§ What is expected: Return each line of the data below verbatim; pictures are to be left out.

Phrase grounding data
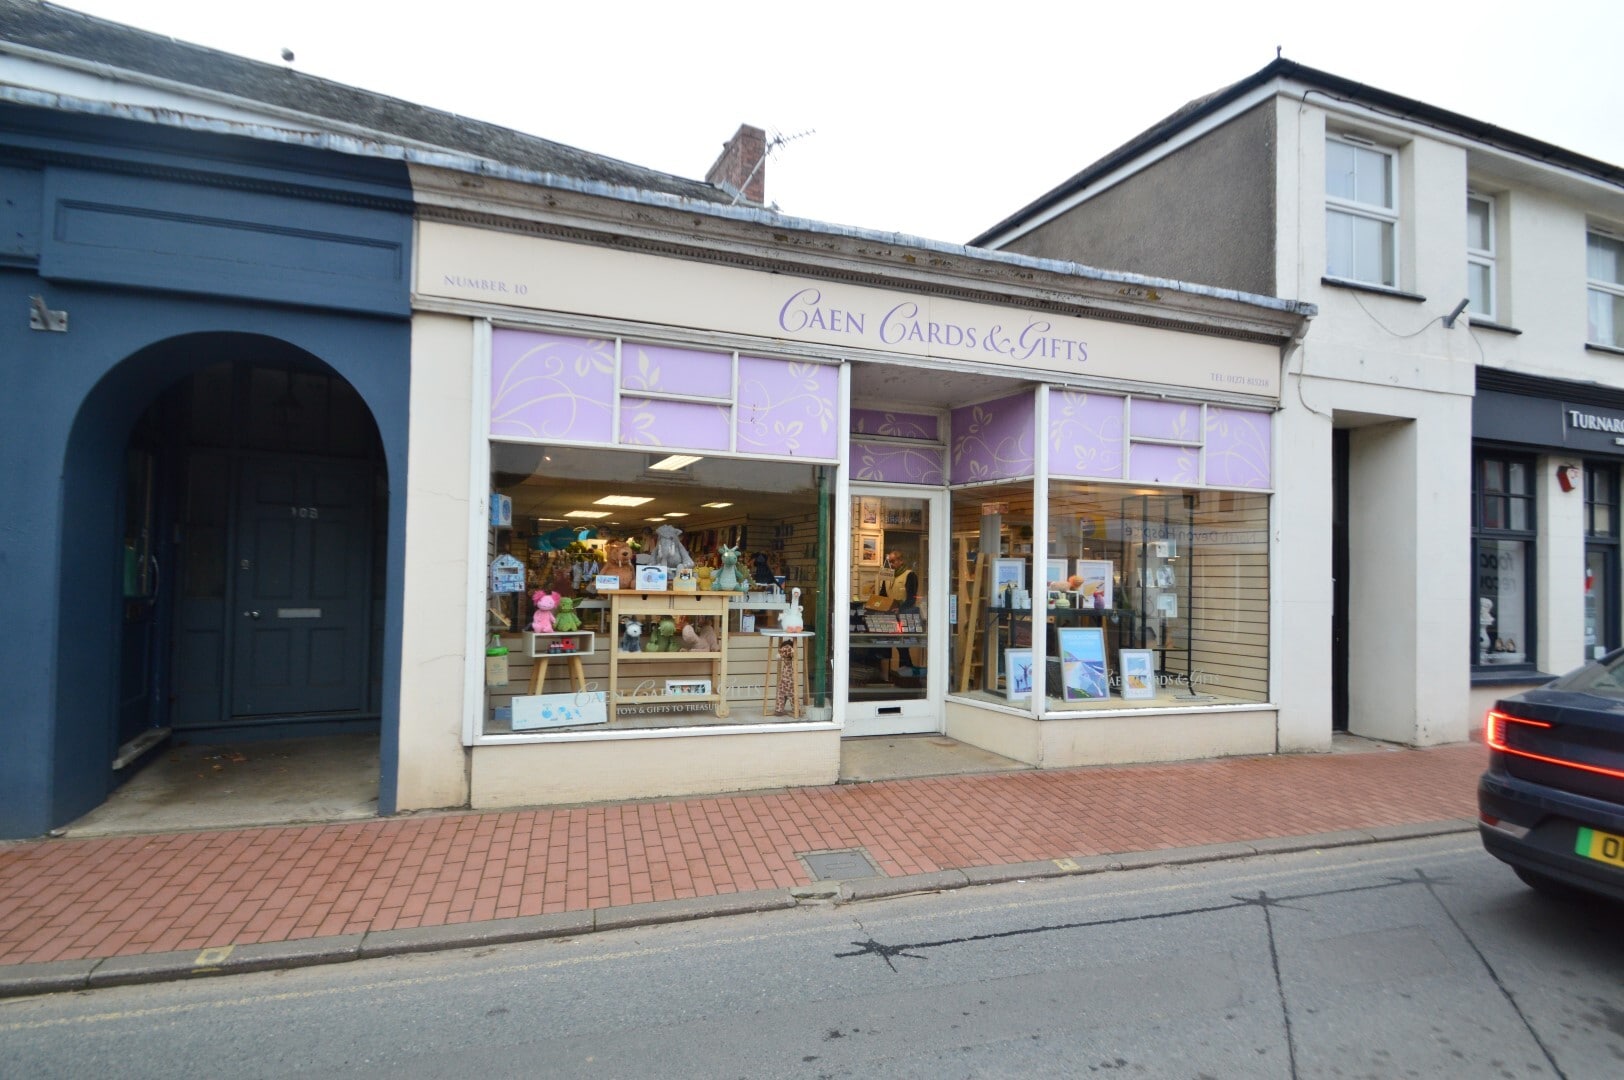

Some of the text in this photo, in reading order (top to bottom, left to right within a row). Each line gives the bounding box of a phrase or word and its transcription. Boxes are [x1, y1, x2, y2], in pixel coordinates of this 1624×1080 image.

[444, 275, 528, 295] NUMBER 10
[779, 288, 1088, 362] CAEN CARDS & GIFTS
[616, 706, 637, 715] TOYS
[639, 706, 645, 714] &
[647, 704, 670, 714] GIFTS
[672, 704, 684, 712] TO
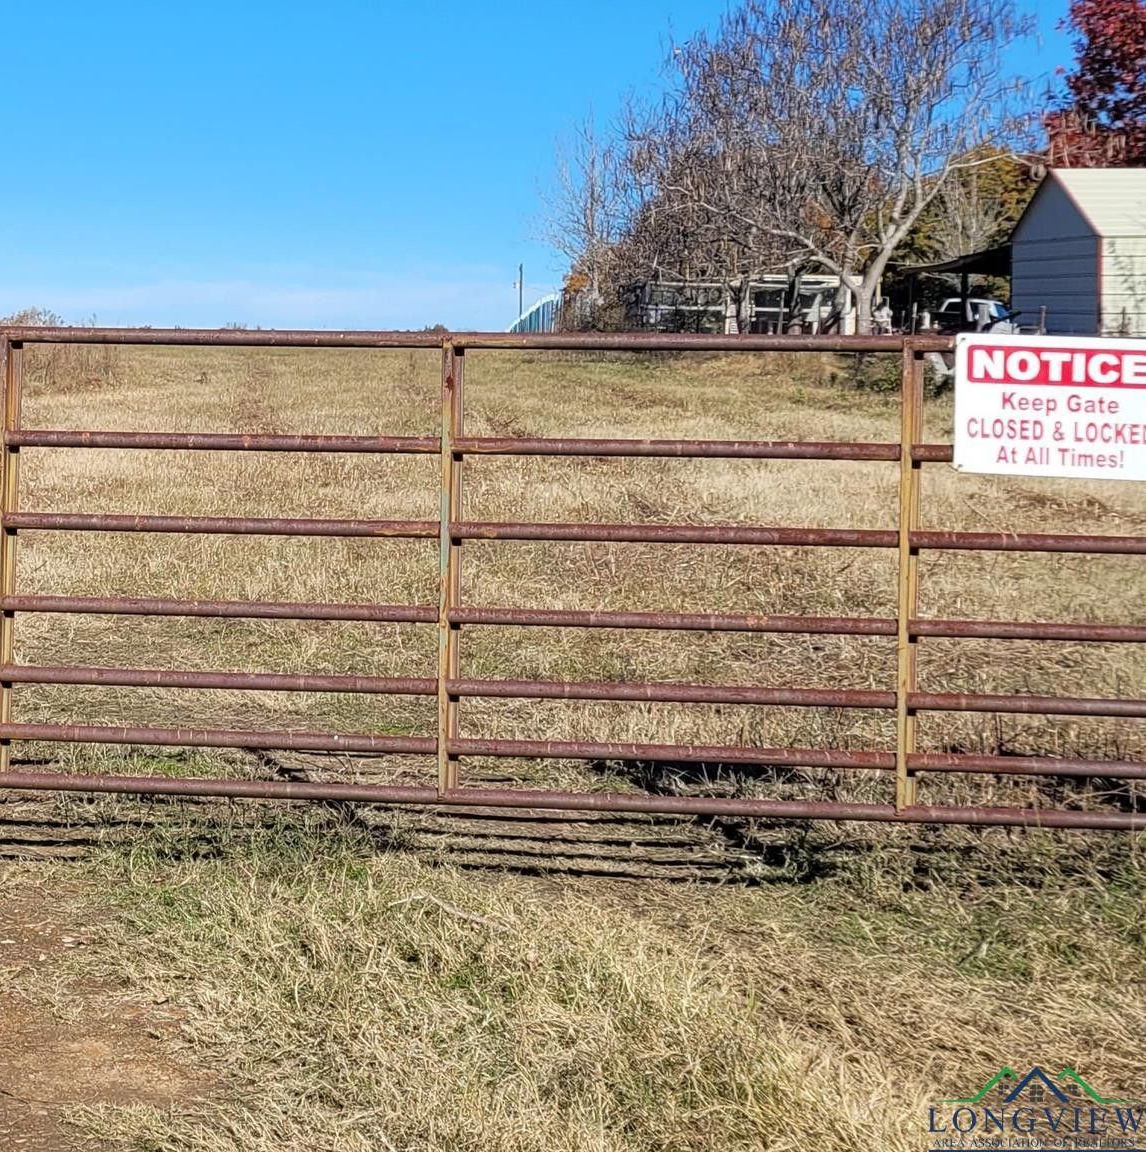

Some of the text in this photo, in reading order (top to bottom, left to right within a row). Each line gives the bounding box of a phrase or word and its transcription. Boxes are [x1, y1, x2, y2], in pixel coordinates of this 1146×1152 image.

§ Answer to this exercise:
Some of the text in this photo, in reading order (top to bottom, left to right within a row). Each line gives the bounding box of a phrase or word and its transcription. Boxes are [x1, y1, x2, y2], in pixel coordinates of this 1624×1080 image.

[444, 275, 528, 295] NUMBER 10
[779, 288, 1088, 362] CAEN CARDS & GIFTS
[616, 706, 637, 715] TOYS
[639, 706, 645, 714] &
[647, 704, 670, 714] GIFTS
[672, 704, 684, 712] TO

Some of the text in this photo, in reading order (top to bottom, left to right within a row). Each line gives the bounding box of a phrase or word and its transcription. Boxes are [x1, y1, x2, y2], in pixel coordinates of this 1146×1152 image.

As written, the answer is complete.